I want to achieve min()
, max()
by using sorting and slicing on list with numbers. With sorted()
function, there are elegant solutions:
maximum = lambda arr: sorted(arr)[-1]
or
def maximum(arr):
return sorted(arr)[-1]
But if I want to achieve elegant solution with more memory efficient .sort()
method I'm in bottleneck.
Since, .sort()
is sorting, without creating new list, and thus returns None , the only one-liner I did is:
def maximum(arr):
return arr[-1] if arr.sort() == None else "Huston, we found a bug!"

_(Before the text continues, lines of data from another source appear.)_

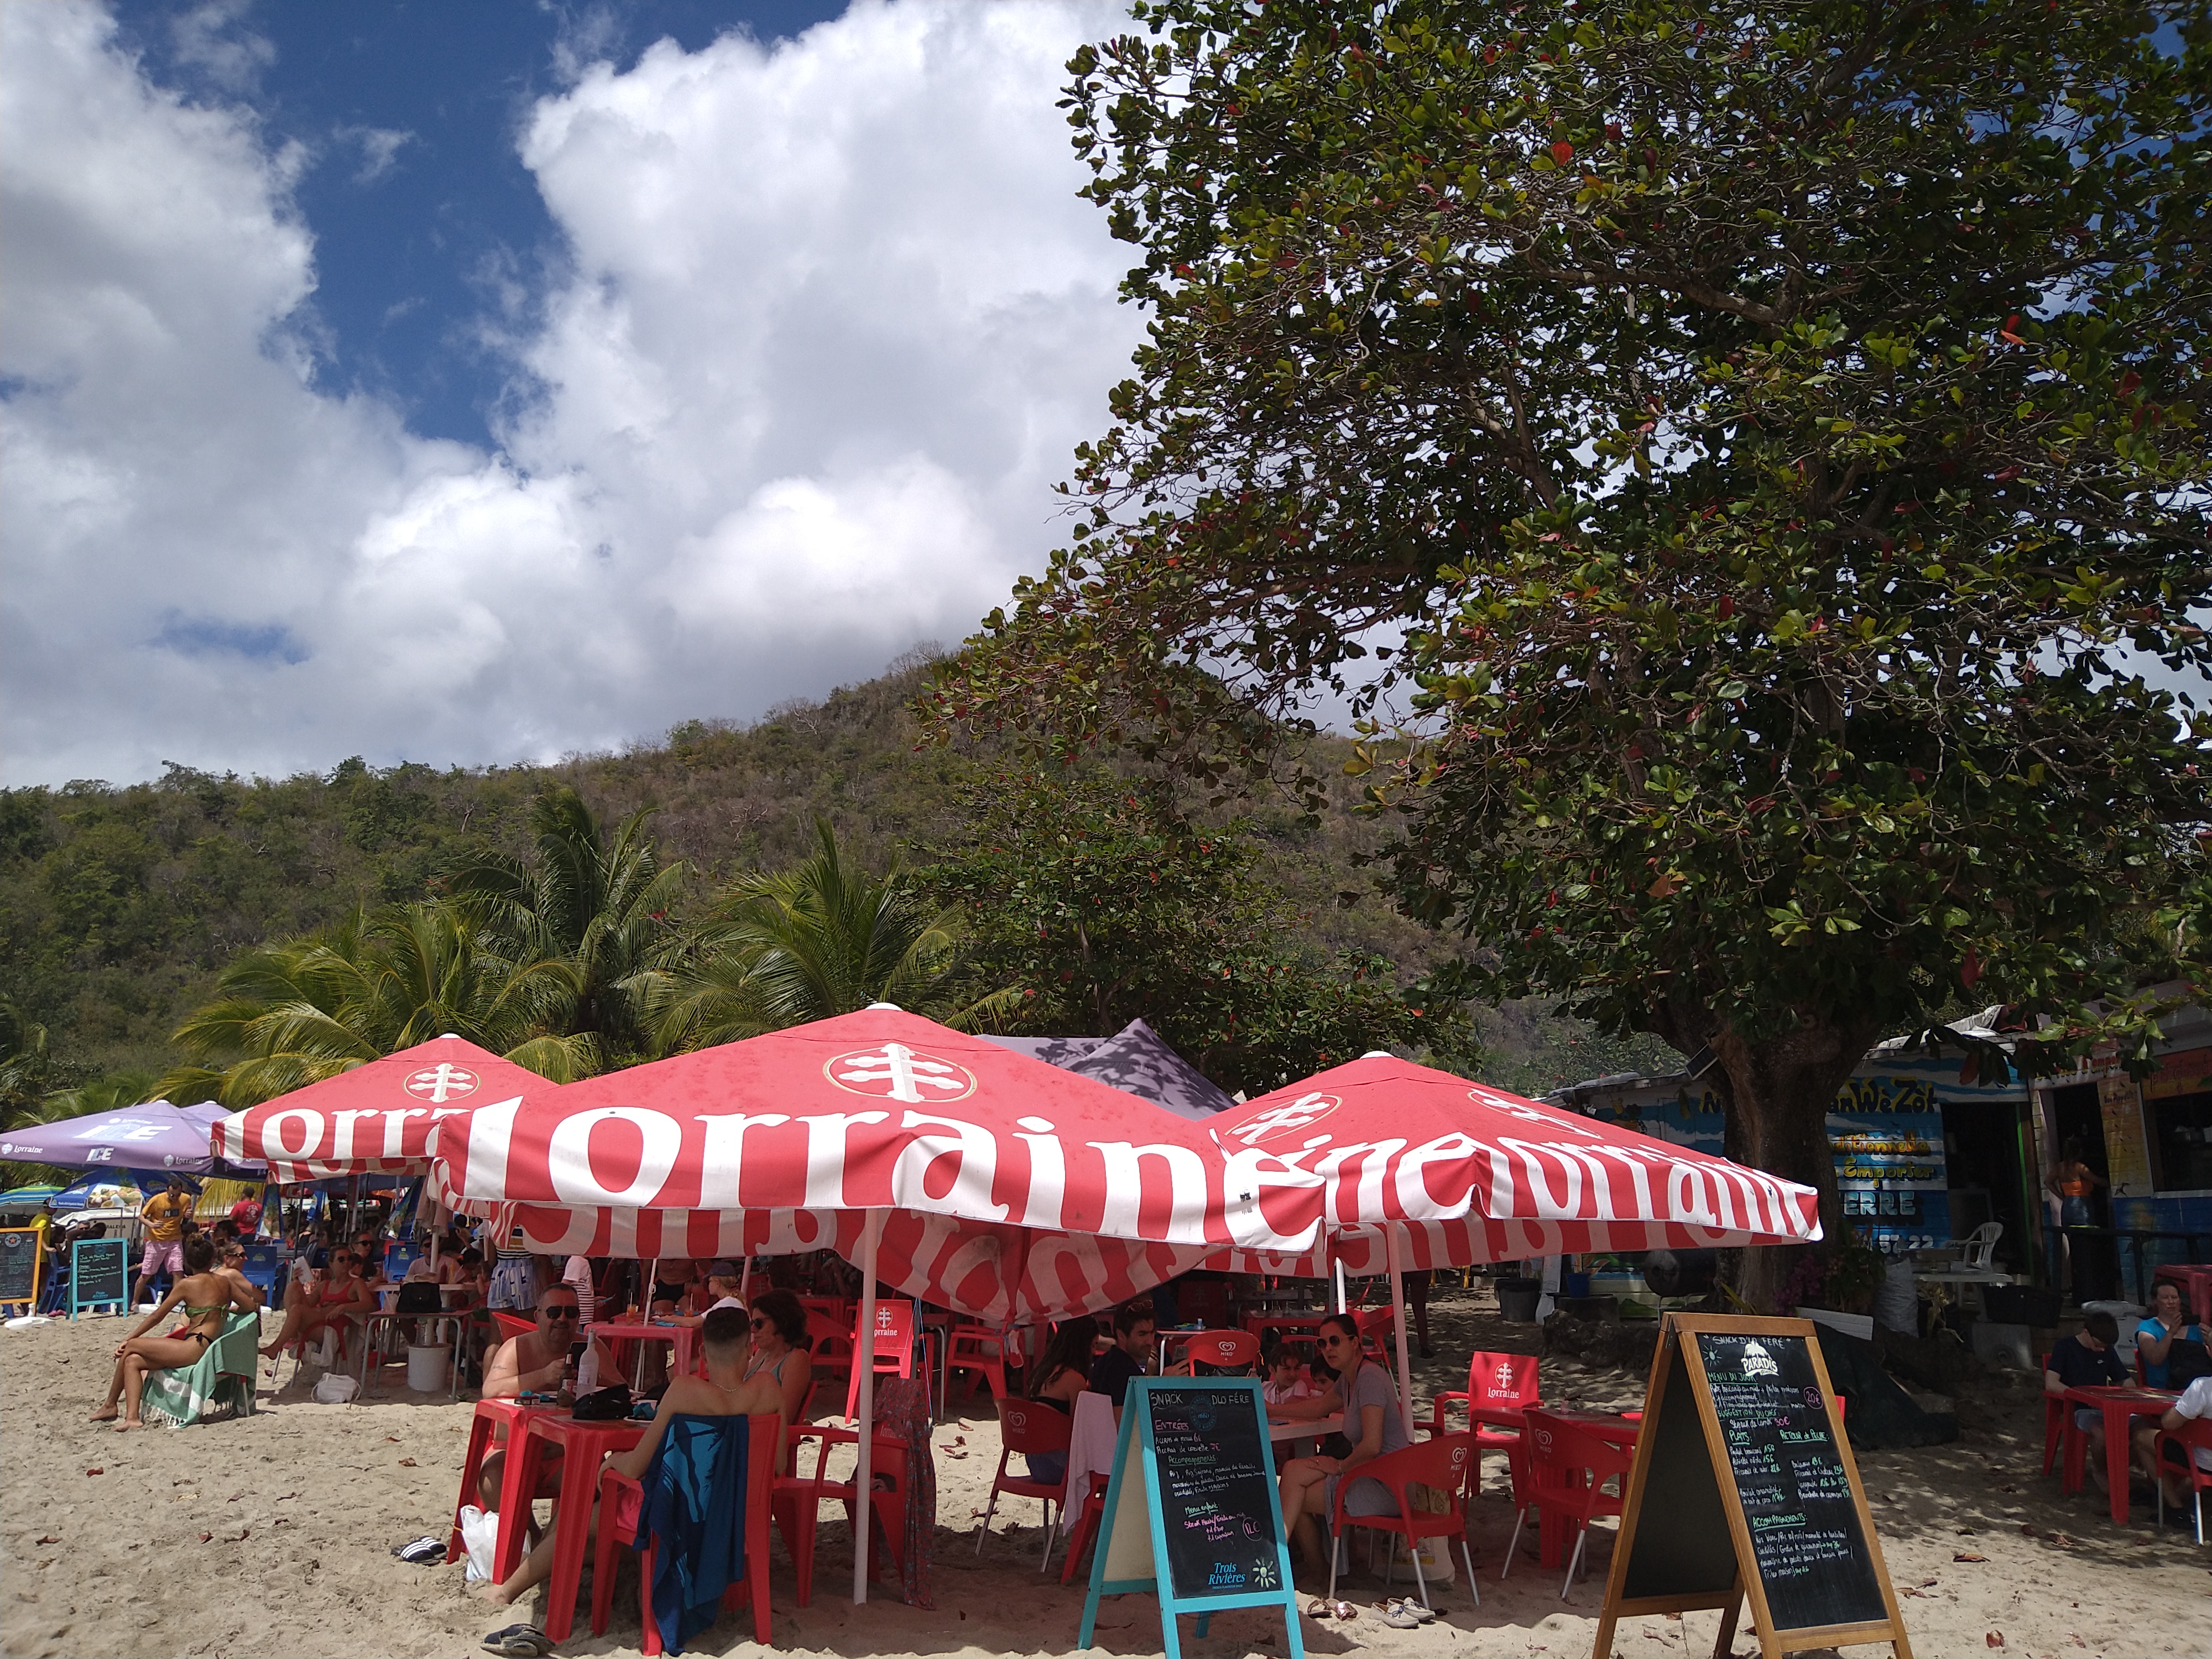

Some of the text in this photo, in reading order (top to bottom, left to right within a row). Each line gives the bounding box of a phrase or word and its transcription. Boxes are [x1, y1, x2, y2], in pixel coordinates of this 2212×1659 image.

[73, 1124, 173, 1141] ICE
[14, 1145, 43, 1154] Lorraine
[86, 1147, 114, 1162] ICE
[464, 1096, 1326, 1253] lorraine
[1843, 1157, 1934, 1188] Emporter
[1841, 1191, 1916, 1216] ERRE
[874, 1328, 898, 1337] orraine
[1713, 1335, 1738, 1345] SNACK
[1707, 1371, 1727, 1383] MENU
[1728, 1372, 1737, 1382] DU
[1150, 1391, 1183, 1406] SNACK
[1487, 1387, 1520, 1399] Lorraine
[1806, 1390, 1821, 1405] 20€
[1717, 1408, 1753, 1418] SUGGESTION
[1155, 1418, 1190, 1431] ENTRÉES
[1773, 1416, 1790, 1426] 30€
[1779, 1429, 1803, 1440] RETOUR
[1214, 1562, 1237, 1573] Trois
[1208, 1573, 1246, 1585] Rivières
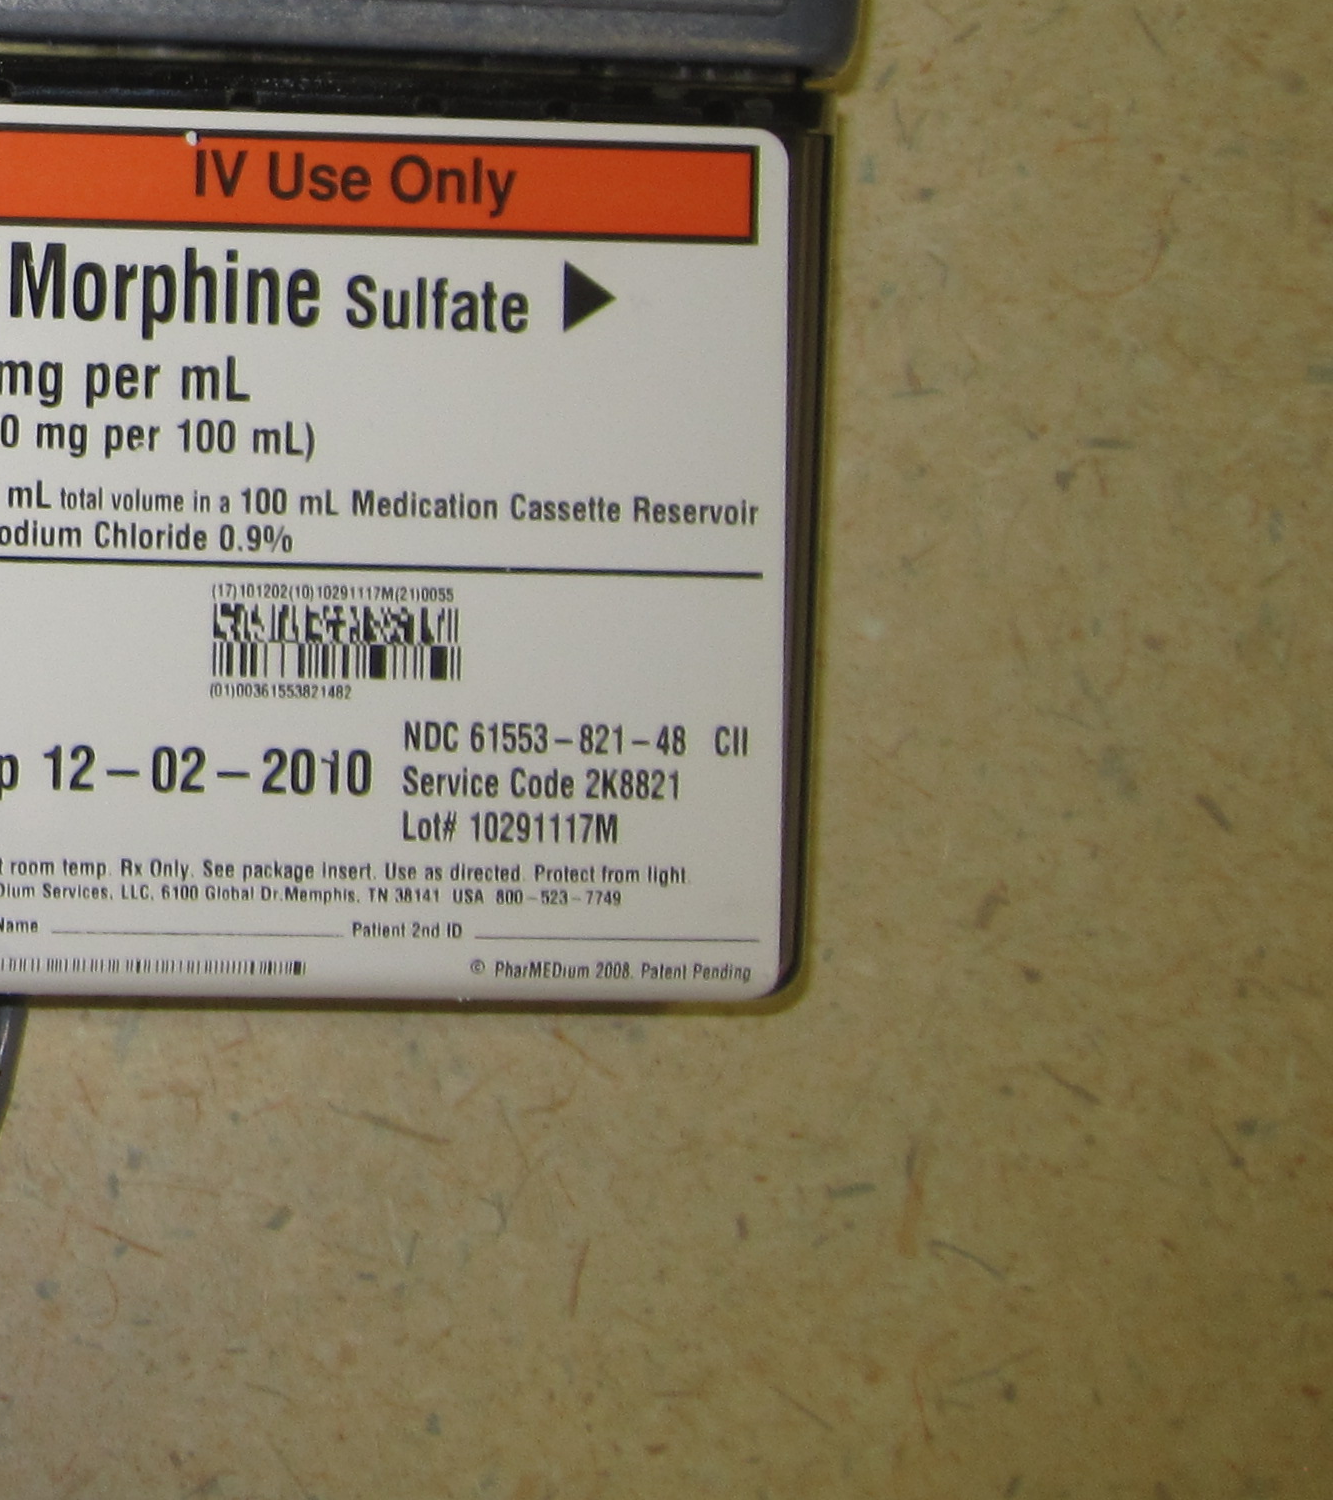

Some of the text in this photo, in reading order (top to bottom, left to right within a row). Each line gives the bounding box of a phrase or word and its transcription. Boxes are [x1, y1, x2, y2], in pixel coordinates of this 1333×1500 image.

[194, 151, 517, 218] IV Use Only
[9, 241, 530, 340] Morphine Sulfate
[86, 361, 161, 409] per
[181, 356, 251, 403] mL
[36, 421, 88, 458] mg
[105, 424, 160, 459] per
[177, 419, 236, 453] 100
[252, 421, 315, 463] mL)
[8, 481, 52, 509] mL
[60, 486, 103, 510] total
[111, 489, 184, 512] volume
[193, 490, 211, 513] in
[219, 496, 231, 514] a
[241, 488, 288, 515] 100
[300, 489, 340, 516] mL
[351, 490, 499, 520] Medication
[510, 493, 621, 523] Cassette
[633, 496, 759, 526] Reservoir
[94, 520, 208, 551] Chloride
[219, 524, 293, 553] 0.9%
[403, 721, 459, 752] NDC
[402, 765, 680, 801] Service Code 2K8821
[402, 810, 619, 844] Lot# 10291117M
[10, 860, 55, 875] room
[63, 859, 112, 880] temp.
[121, 859, 142, 876] Rx
[150, 859, 194, 881] Only.
[203, 859, 235, 878] See
[242, 861, 314, 882] package
[323, 861, 376, 880] insert.
[385, 863, 416, 880] Use
[425, 864, 443, 880] as
[450, 864, 525, 882] directed.
[534, 865, 595, 883] Protect
[601, 866, 640, 883] from
[161, 886, 198, 901] 6100
[205, 886, 254, 901] Global
[369, 887, 388, 903] TN
[395, 888, 439, 903] 38141
[452, 889, 483, 904] USA
[352, 922, 462, 938] Patient 2nd ID
[495, 961, 589, 979] PharMEDium
[641, 963, 687, 980] Patent
[693, 964, 751, 984] Pending

This is not very pythonic. Is there a way for single and elegant expression with .sort()
and slicing?
There is probably a way to accomplish what you desired in one line but it is not pythonic. I interestingly think using min()
or max()
is the more pythonic approach. because it is not only faster and more simple and readable.
if you type import this
in your python interpreter you would see "The Zen of Python, by Tim Peters" and it stated:
Simple is better than complex.
and
Readability counts.
I wholeheartedly agree with what J.Doe said, but if you insist on a one-liner, this looks a bit better:
def maximum(arr):
return arr.sort() or arr[-1]
Since .sort()
returns None
and None
evaluates to False
in boolean context, this will always work.